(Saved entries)

*** Block opens ***

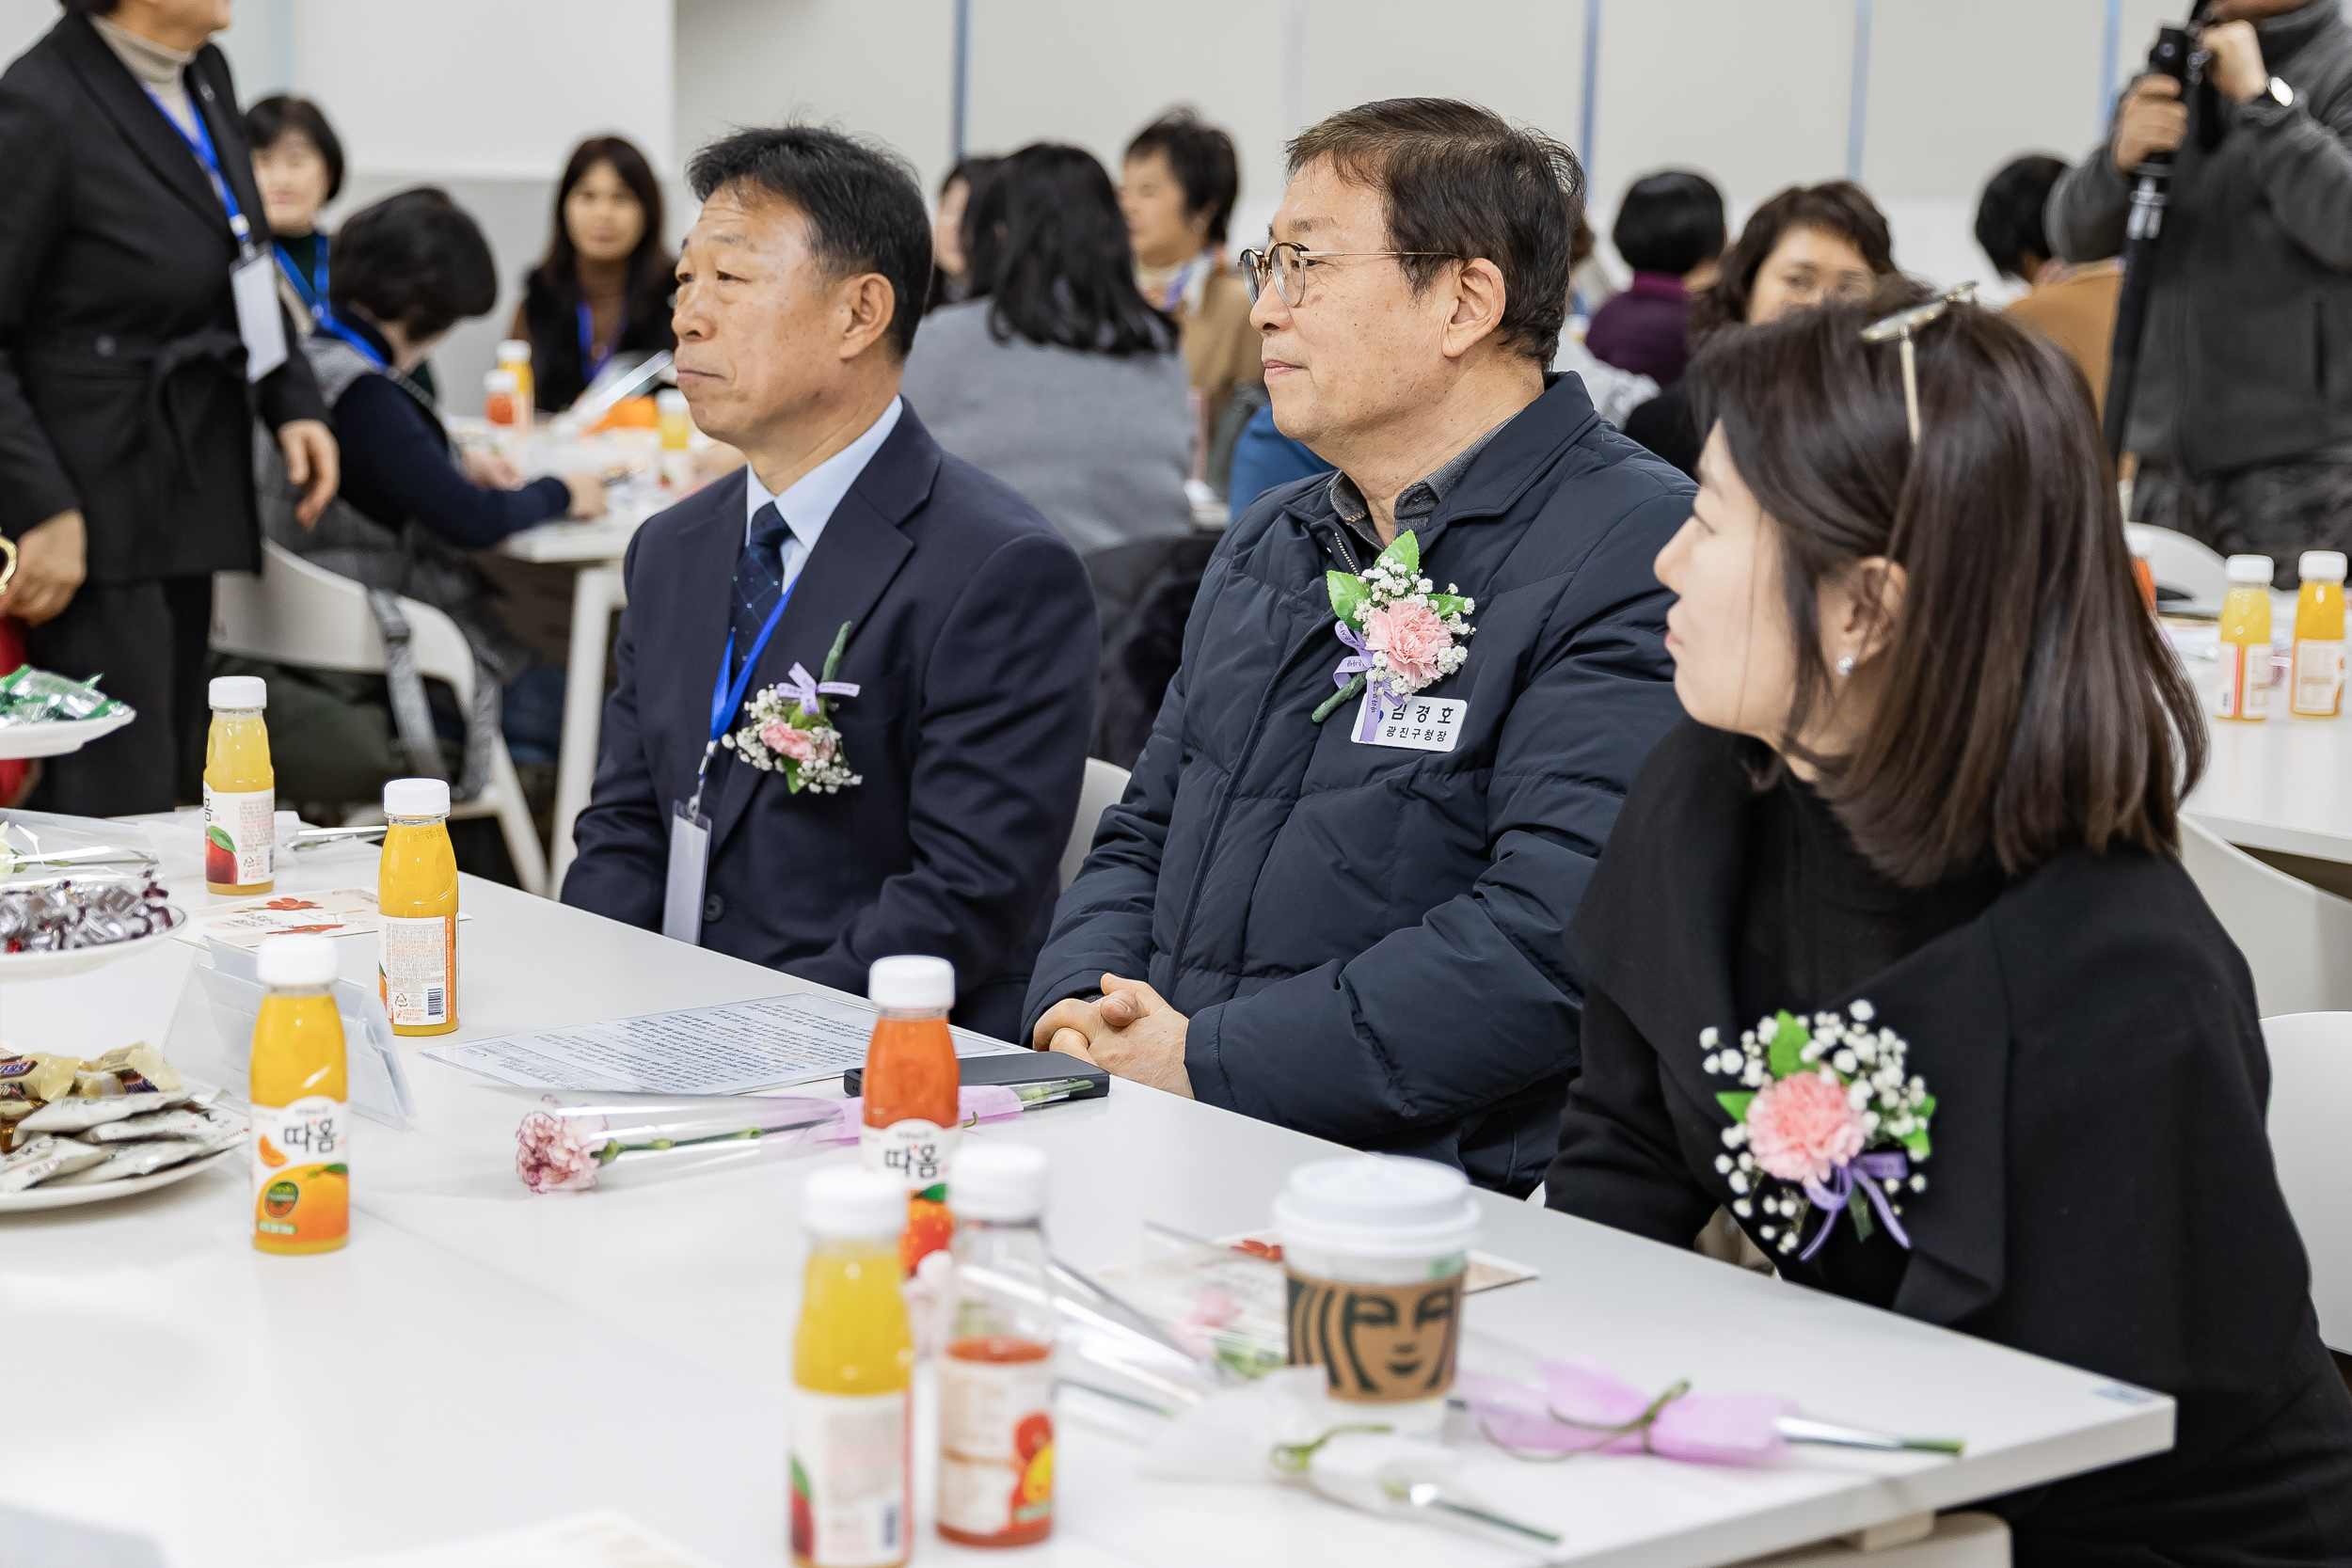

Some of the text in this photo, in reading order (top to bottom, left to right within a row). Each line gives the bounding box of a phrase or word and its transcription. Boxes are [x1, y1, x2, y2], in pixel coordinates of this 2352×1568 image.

[1391, 703, 1454, 724] 김경호
[1386, 726, 1448, 743] 광진구청장
[284, 1118, 337, 1153] 따옴
[884, 1144, 941, 1179] 따옴
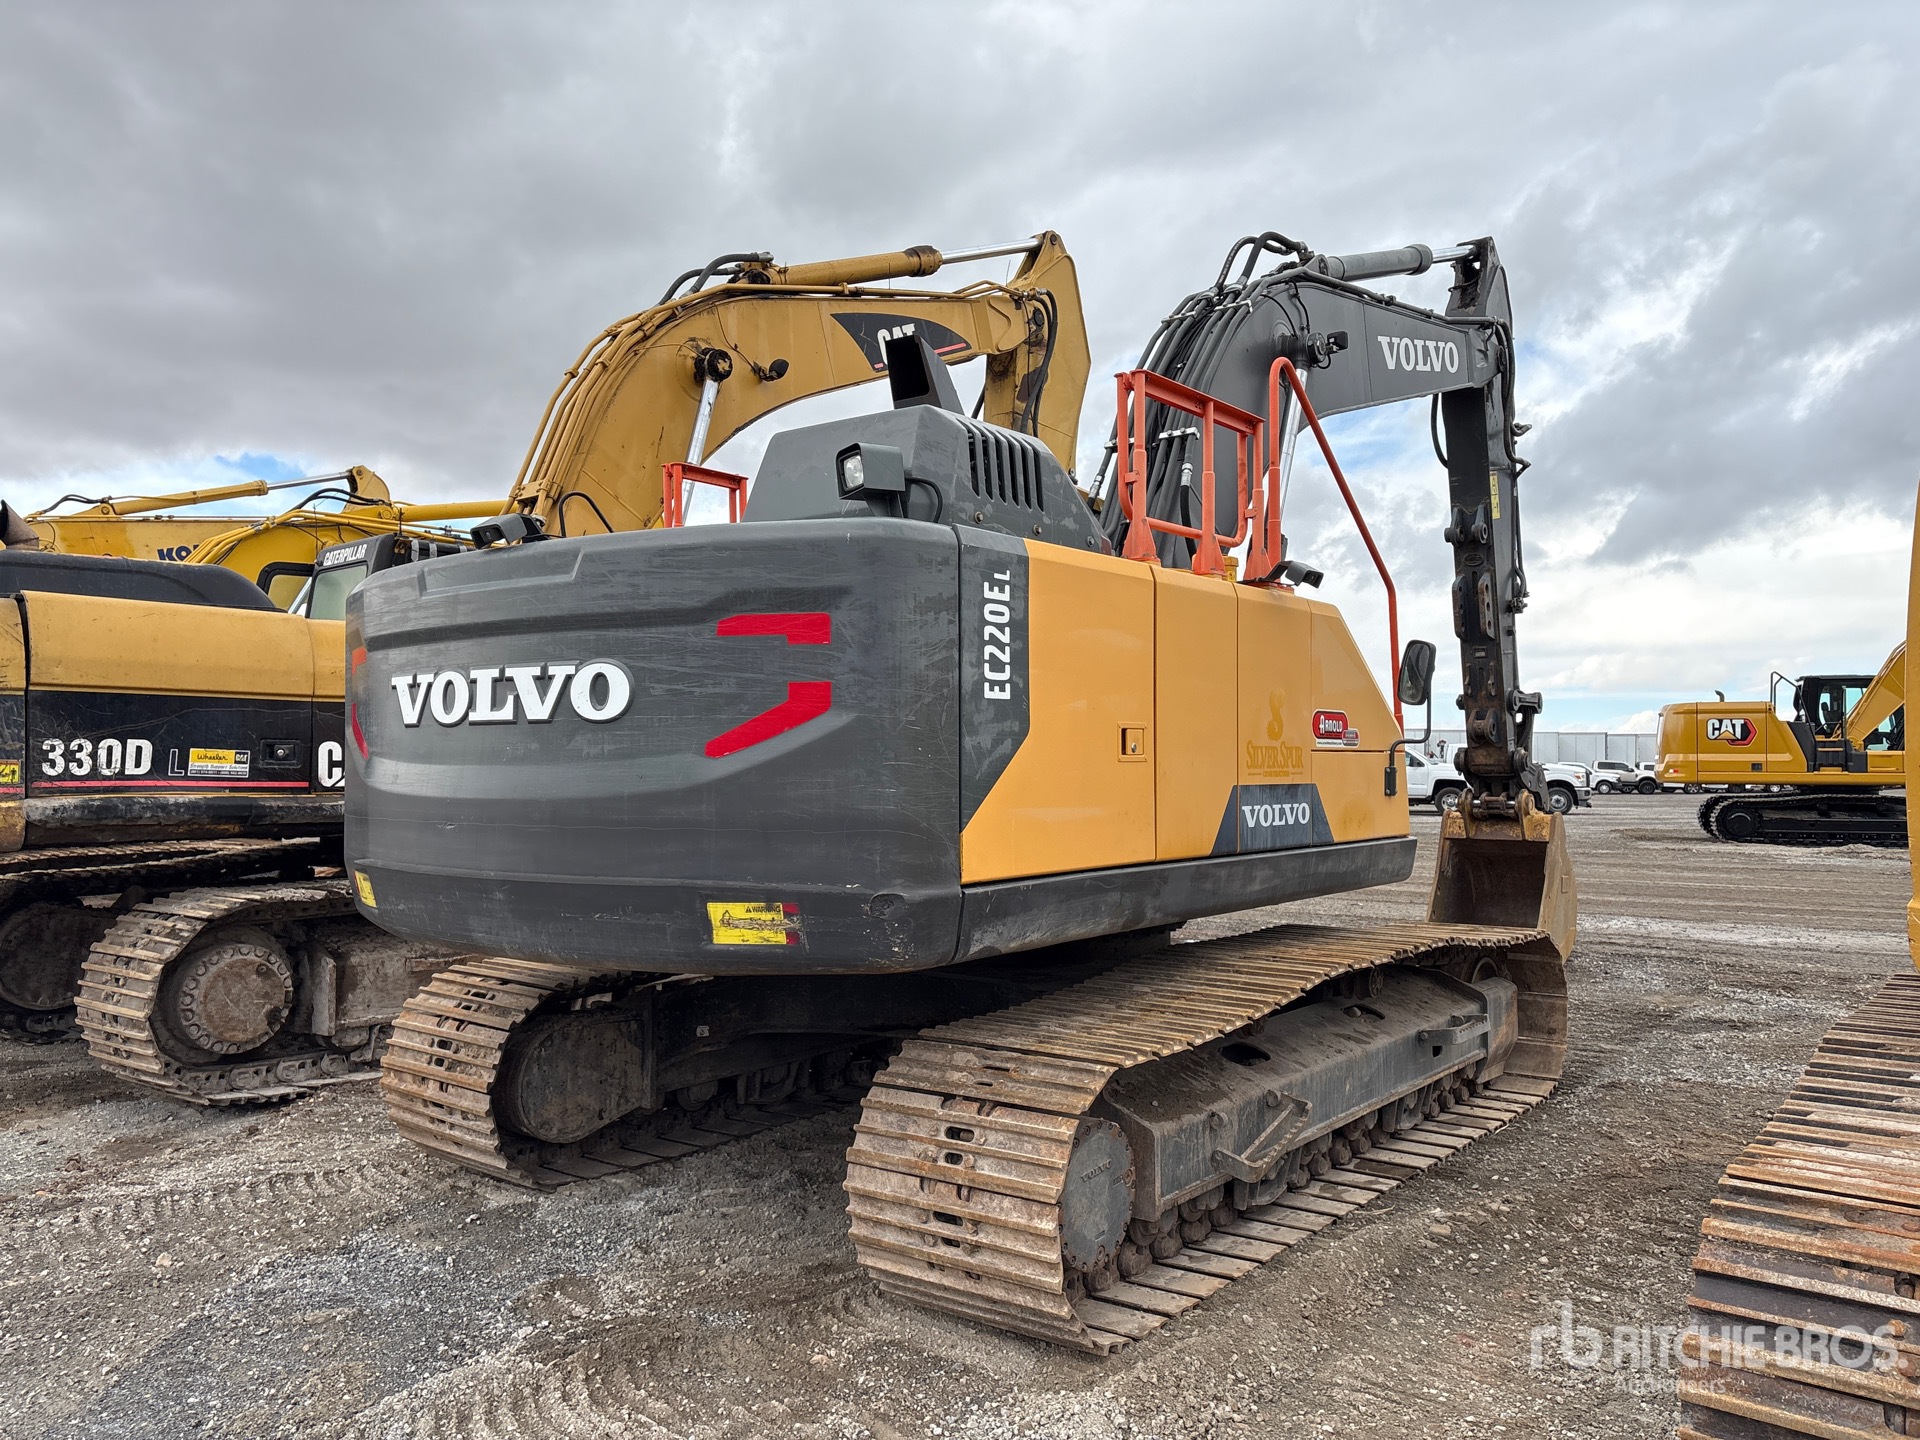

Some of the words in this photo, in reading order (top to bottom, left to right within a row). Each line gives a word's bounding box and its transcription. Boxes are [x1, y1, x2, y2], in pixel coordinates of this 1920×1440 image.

[1377, 335, 1459, 373] VOLVO
[157, 544, 199, 562] KO
[323, 544, 367, 566] CATERPILLAR
[391, 659, 632, 727] VOLVO
[1707, 718, 1745, 740] CAT
[41, 738, 153, 776] 330D
[1242, 802, 1310, 828] VOLVO

*** Block closes ***

#### Assignment
Copy, exactly and with nothing added, the lines from the one containing "Some of the words" through the end of the records.

#### Response to the exercise
Some of the words in this photo, in reading order (top to bottom, left to right within a row). Each line gives a word's bounding box and its transcription. Boxes are [x1, y1, x2, y2], in pixel coordinates of this 1920×1440 image.

[1377, 335, 1459, 373] VOLVO
[157, 544, 199, 562] KO
[323, 544, 367, 566] CATERPILLAR
[391, 659, 632, 727] VOLVO
[1707, 718, 1745, 740] CAT
[41, 738, 153, 776] 330D
[1242, 802, 1310, 828] VOLVO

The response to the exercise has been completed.